**TASK BRIEF:** Reproduce the material that follows, keeping every line exactly as it is.
(RECORDS TO PROCESS)
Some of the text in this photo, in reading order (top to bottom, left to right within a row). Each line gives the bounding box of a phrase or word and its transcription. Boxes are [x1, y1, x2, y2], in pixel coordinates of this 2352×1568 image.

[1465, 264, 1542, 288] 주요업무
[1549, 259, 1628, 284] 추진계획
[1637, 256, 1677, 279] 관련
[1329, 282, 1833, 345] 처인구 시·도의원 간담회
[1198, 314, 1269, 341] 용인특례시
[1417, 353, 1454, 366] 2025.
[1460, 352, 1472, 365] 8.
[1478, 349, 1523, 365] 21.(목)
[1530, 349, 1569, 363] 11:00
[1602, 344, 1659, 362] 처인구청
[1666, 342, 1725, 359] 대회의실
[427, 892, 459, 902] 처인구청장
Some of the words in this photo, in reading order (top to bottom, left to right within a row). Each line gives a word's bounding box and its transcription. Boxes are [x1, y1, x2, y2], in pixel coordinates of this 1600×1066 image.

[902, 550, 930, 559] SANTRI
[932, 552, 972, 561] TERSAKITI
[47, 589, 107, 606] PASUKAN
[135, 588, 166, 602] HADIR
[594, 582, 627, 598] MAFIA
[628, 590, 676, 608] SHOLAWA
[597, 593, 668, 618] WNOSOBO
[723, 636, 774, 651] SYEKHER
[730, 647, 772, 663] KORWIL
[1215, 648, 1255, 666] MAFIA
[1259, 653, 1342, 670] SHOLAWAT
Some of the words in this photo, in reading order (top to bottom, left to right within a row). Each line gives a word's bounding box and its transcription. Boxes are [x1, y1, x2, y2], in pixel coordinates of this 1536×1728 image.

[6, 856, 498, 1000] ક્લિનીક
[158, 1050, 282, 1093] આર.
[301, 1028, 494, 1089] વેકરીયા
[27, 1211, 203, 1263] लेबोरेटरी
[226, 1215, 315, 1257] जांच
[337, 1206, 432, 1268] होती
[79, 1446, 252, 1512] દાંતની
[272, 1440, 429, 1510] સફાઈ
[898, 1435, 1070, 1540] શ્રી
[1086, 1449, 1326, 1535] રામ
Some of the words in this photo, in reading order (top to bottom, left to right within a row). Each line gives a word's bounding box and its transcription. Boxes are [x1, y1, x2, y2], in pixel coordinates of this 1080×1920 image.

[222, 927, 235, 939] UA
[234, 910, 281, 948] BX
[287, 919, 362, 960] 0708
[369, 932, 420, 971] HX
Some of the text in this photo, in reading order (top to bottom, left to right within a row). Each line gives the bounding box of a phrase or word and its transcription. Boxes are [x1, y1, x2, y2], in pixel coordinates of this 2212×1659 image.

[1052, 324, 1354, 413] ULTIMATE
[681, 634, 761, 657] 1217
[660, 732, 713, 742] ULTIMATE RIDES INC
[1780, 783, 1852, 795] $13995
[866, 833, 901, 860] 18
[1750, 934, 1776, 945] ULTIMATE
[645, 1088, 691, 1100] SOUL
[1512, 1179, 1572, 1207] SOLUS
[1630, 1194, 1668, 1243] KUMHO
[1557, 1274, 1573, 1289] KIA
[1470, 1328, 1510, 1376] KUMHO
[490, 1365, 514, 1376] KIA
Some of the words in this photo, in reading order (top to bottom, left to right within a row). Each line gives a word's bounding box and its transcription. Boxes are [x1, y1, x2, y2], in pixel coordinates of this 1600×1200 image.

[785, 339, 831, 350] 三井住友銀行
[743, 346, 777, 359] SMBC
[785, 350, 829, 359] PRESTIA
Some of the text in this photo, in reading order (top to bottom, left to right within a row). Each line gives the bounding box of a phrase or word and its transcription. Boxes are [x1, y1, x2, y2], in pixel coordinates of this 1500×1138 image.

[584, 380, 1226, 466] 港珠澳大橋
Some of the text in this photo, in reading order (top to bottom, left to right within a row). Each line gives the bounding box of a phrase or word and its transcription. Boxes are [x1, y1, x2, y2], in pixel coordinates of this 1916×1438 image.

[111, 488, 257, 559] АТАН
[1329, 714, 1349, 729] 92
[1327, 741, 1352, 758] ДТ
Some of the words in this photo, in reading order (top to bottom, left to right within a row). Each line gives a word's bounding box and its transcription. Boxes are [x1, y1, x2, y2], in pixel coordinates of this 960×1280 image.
(End RECORDS TO PROCESS)
**EXPECTED ANSWER:**
Some of the text in this photo, in reading order (top to bottom, left to right within a row). Each line gives the bounding box of a phrase or word and its transcription. Boxes are [x1, y1, x2, y2], in pixel coordinates of this 2352×1568 image.

[1465, 264, 1542, 288] 주요업무
[1549, 259, 1628, 284] 추진계획
[1637, 256, 1677, 279] 관련
[1329, 282, 1833, 345] 처인구 시·도의원 간담회
[1198, 314, 1269, 341] 용인특례시
[1417, 353, 1454, 366] 2025.
[1460, 352, 1472, 365] 8.
[1478, 349, 1523, 365] 21.(목)
[1530, 349, 1569, 363] 11:00
[1602, 344, 1659, 362] 처인구청
[1666, 342, 1725, 359] 대회의실
[427, 892, 459, 902] 처인구청장
Some of the words in this photo, in reading order (top to bottom, left to right within a row). Each line gives a word's bounding box and its transcription. Boxes are [x1, y1, x2, y2], in pixel coordinates of this 1600×1066 image.

[902, 550, 930, 559] SANTRI
[932, 552, 972, 561] TERSAKITI
[47, 589, 107, 606] PASUKAN
[135, 588, 166, 602] HADIR
[594, 582, 627, 598] MAFIA
[628, 590, 676, 608] SHOLAWA
[597, 593, 668, 618] WNOSOBO
[723, 636, 774, 651] SYEKHER
[730, 647, 772, 663] KORWIL
[1215, 648, 1255, 666] MAFIA
[1259, 653, 1342, 670] SHOLAWAT
Some of the words in this photo, in reading order (top to bottom, left to right within a row). Each line gives a word's bounding box and its transcription. Boxes are [x1, y1, x2, y2], in pixel coordinates of this 1536×1728 image.

[6, 856, 498, 1000] ક્લિનીક
[158, 1050, 282, 1093] આર.
[301, 1028, 494, 1089] વેકરીયા
[27, 1211, 203, 1263] लेबोरेटरी
[226, 1215, 315, 1257] जांच
[337, 1206, 432, 1268] होती
[79, 1446, 252, 1512] દાંતની
[272, 1440, 429, 1510] સફાઈ
[898, 1435, 1070, 1540] શ્રી
[1086, 1449, 1326, 1535] રામ
Some of the words in this photo, in reading order (top to bottom, left to right within a row). Each line gives a word's bounding box and its transcription. Boxes are [x1, y1, x2, y2], in pixel coordinates of this 1080×1920 image.

[222, 927, 235, 939] UA
[234, 910, 281, 948] BX
[287, 919, 362, 960] 0708
[369, 932, 420, 971] HX
Some of the text in this photo, in reading order (top to bottom, left to right within a row). Each line gives the bounding box of a phrase or word and its transcription. Boxes are [x1, y1, x2, y2], in pixel coordinates of this 2212×1659 image.

[1052, 324, 1354, 413] ULTIMATE
[681, 634, 761, 657] 1217
[660, 732, 713, 742] ULTIMATE RIDES INC
[1780, 783, 1852, 795] $13995
[866, 833, 901, 860] 18
[1750, 934, 1776, 945] ULTIMATE
[645, 1088, 691, 1100] SOUL
[1512, 1179, 1572, 1207] SOLUS
[1630, 1194, 1668, 1243] KUMHO
[1557, 1274, 1573, 1289] KIA
[1470, 1328, 1510, 1376] KUMHO
[490, 1365, 514, 1376] KIA
Some of the words in this photo, in reading order (top to bottom, left to right within a row). Each line gives a word's bounding box and its transcription. Boxes are [x1, y1, x2, y2], in pixel coordinates of this 1600×1200 image.

[785, 339, 831, 350] 三井住友銀行
[743, 346, 777, 359] SMBC
[785, 350, 829, 359] PRESTIA
Some of the text in this photo, in reading order (top to bottom, left to right within a row). Each line gives the bounding box of a phrase or word and its transcription. Boxes are [x1, y1, x2, y2], in pixel coordinates of this 1500×1138 image.

[584, 380, 1226, 466] 港珠澳大橋
Some of the text in this photo, in reading order (top to bottom, left to right within a row). Each line gives the bounding box of a phrase or word and its transcription. Boxes are [x1, y1, x2, y2], in pixel coordinates of this 1916×1438 image.

[111, 488, 257, 559] АТАН
[1329, 714, 1349, 729] 92
[1327, 741, 1352, 758] ДТ
Some of the words in this photo, in reading order (top to bottom, left to right within a row). Each line gives a word's bounding box and its transcription. Boxes are [x1, y1, x2, y2], in pixel coordinates of this 960×1280 image.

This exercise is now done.